+++ INPUT +++

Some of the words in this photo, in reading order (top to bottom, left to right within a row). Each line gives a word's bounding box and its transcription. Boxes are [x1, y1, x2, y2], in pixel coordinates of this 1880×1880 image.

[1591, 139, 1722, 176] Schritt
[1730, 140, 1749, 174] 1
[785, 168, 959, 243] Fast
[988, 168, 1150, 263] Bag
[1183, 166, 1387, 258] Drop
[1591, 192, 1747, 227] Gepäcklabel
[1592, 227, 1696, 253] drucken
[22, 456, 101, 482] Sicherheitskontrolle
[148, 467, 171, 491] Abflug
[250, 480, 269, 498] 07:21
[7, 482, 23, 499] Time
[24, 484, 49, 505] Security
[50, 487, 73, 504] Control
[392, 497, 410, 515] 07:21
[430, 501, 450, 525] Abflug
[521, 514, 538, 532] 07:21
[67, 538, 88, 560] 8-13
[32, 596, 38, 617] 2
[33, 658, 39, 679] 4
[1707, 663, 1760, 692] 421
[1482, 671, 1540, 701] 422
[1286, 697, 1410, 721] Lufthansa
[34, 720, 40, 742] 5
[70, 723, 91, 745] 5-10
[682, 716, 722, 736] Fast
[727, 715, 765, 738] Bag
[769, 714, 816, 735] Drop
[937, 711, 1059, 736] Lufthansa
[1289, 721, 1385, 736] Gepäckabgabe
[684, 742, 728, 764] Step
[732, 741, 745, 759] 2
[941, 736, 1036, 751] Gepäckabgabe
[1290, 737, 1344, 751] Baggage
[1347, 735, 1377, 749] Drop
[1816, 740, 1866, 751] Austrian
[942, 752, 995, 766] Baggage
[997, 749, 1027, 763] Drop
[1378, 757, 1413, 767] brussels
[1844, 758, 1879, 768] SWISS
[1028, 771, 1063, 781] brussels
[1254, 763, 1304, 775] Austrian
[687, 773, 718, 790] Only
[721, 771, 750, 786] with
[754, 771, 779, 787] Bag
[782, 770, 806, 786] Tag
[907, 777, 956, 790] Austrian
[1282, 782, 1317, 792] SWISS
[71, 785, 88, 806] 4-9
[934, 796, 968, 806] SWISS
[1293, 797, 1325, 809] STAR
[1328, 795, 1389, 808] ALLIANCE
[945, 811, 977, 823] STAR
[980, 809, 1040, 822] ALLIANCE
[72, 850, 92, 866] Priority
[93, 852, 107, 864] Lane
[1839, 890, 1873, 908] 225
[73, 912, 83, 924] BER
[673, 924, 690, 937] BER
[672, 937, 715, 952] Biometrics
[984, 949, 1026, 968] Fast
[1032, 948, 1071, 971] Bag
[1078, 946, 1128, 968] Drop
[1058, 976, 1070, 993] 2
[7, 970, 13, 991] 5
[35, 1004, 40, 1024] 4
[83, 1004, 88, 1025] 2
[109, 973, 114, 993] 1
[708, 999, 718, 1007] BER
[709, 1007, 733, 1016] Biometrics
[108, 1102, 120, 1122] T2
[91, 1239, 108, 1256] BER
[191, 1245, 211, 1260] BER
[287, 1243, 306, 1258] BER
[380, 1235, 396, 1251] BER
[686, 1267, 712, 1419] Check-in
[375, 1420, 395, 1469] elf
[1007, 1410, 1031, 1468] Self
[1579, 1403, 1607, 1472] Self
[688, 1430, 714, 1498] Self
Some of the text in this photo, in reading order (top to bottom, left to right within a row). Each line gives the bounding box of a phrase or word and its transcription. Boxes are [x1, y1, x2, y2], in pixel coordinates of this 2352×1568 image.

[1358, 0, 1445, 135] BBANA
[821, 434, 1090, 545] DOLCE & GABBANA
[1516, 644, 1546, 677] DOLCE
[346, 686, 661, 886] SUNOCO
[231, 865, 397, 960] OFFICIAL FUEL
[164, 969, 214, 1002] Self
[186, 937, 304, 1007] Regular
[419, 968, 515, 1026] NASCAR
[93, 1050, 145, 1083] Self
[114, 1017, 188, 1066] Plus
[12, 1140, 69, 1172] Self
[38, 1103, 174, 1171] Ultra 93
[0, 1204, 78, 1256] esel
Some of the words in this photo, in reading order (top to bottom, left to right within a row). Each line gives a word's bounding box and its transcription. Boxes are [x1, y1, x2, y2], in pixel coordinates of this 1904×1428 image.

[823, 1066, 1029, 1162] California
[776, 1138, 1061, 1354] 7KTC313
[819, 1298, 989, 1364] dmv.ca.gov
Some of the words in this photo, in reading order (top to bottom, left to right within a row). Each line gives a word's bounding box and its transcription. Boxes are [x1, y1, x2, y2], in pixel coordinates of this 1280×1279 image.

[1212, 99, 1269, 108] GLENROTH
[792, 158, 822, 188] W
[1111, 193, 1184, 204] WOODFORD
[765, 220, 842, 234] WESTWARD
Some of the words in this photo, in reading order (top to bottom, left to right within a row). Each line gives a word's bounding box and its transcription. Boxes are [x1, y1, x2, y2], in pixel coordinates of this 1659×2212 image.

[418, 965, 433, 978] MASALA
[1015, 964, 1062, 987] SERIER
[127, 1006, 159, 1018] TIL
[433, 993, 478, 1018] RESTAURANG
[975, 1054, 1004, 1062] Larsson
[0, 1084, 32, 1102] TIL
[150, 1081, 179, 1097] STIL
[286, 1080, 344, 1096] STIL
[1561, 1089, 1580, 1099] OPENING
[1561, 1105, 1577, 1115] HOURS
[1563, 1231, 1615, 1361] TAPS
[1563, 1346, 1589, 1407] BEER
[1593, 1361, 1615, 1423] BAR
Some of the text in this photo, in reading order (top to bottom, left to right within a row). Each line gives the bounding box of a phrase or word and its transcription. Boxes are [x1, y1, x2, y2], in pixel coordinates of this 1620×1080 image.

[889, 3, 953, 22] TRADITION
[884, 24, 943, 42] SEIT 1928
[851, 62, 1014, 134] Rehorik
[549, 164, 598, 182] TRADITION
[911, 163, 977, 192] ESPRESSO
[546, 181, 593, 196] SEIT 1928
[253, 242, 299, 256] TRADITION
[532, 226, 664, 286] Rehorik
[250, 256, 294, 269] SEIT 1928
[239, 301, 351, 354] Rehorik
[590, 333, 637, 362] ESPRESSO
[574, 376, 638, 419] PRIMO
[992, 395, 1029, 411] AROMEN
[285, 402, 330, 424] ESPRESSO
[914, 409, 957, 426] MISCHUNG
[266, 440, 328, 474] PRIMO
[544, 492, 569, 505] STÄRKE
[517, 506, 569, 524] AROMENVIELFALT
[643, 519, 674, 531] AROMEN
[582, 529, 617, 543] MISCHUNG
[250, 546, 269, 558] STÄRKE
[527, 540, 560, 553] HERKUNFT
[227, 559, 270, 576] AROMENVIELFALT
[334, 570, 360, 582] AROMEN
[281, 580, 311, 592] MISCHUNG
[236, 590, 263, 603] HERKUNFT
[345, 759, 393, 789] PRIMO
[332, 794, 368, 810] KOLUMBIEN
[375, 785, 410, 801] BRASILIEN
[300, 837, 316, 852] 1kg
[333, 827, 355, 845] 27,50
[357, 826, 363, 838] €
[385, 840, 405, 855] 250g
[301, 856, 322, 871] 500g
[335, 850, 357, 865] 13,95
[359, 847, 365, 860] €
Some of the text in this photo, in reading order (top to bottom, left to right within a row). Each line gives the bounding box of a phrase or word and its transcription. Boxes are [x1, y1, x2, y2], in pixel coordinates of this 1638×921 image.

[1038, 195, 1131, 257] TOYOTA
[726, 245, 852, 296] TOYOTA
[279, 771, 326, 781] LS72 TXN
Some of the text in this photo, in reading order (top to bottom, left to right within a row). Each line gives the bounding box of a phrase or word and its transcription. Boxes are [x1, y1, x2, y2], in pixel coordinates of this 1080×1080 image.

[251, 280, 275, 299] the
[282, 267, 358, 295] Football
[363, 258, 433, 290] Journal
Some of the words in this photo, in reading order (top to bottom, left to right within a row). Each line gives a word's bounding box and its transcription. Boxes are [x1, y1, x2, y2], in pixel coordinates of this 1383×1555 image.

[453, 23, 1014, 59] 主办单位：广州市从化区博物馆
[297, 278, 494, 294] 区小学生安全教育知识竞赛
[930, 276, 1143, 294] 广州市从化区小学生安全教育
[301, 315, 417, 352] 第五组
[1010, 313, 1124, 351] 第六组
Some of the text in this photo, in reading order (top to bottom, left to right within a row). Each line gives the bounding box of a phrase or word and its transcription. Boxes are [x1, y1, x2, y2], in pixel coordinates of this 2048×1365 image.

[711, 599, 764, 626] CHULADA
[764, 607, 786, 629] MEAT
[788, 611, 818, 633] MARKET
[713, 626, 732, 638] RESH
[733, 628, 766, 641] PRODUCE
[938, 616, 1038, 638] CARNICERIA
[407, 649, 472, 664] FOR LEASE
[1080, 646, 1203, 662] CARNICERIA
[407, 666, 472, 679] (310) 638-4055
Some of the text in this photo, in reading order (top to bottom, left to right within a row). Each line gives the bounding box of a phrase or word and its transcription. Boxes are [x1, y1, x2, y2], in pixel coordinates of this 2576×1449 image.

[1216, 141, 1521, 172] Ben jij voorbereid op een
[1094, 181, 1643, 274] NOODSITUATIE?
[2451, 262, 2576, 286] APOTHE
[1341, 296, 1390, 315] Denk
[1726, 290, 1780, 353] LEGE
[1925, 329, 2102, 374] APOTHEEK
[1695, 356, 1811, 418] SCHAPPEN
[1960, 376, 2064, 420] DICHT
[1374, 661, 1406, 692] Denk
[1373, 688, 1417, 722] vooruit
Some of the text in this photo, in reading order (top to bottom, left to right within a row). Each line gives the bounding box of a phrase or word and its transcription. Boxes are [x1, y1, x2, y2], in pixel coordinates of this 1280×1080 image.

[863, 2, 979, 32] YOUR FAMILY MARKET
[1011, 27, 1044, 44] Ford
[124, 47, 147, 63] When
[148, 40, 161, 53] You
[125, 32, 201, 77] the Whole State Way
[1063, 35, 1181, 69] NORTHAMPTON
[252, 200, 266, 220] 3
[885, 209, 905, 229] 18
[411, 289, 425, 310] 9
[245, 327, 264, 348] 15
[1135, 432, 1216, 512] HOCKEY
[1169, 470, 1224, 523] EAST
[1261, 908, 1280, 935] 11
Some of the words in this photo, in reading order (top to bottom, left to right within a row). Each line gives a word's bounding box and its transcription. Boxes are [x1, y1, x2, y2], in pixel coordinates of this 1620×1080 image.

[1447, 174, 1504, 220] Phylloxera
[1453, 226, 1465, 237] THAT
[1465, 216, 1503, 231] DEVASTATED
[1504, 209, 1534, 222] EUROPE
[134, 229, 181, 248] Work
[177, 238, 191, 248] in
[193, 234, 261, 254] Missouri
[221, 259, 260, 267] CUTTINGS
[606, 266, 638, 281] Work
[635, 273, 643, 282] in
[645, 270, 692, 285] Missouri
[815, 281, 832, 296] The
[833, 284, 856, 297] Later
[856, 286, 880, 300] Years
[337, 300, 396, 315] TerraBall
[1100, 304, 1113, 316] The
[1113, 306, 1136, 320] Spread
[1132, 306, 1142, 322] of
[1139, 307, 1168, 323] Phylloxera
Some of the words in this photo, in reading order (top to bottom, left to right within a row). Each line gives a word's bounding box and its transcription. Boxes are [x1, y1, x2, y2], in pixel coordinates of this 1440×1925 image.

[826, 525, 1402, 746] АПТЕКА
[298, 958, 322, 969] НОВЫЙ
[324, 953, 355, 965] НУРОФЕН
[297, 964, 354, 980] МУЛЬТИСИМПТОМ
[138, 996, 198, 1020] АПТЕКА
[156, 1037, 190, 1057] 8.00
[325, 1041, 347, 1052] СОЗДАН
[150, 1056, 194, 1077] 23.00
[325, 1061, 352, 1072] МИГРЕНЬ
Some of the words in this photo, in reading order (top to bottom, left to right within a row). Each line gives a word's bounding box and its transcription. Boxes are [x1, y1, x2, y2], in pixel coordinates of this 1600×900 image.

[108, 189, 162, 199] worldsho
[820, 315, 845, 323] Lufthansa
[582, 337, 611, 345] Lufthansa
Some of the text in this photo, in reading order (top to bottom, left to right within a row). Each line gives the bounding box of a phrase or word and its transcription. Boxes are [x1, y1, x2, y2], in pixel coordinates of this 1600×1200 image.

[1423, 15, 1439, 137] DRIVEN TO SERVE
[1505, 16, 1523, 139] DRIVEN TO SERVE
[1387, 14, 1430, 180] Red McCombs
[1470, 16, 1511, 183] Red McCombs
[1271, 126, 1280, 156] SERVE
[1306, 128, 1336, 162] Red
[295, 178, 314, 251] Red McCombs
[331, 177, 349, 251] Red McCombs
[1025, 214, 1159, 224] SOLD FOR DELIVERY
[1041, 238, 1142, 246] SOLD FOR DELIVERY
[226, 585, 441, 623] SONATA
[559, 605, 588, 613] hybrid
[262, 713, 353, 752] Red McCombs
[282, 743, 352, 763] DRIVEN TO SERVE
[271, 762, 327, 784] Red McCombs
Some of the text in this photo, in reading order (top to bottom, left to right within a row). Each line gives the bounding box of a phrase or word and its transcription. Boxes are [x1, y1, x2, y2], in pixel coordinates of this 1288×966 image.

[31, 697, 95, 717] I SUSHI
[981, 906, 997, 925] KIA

+++

* EXERCISE INSTRUCTIONS:
Beginning at the line that holds "this 1288×966 image.", reproduce each line of the records above down to and including the last one.

* TASK ANSWER:
Some of the text in this photo, in reading order (top to bottom, left to right within a row). Each line gives the bounding box of a phrase or word and its transcription. Boxes are [x1, y1, x2, y2], in pixel coordinates of this 1288×966 image.

[31, 697, 95, 717] I SUSHI
[981, 906, 997, 925] KIA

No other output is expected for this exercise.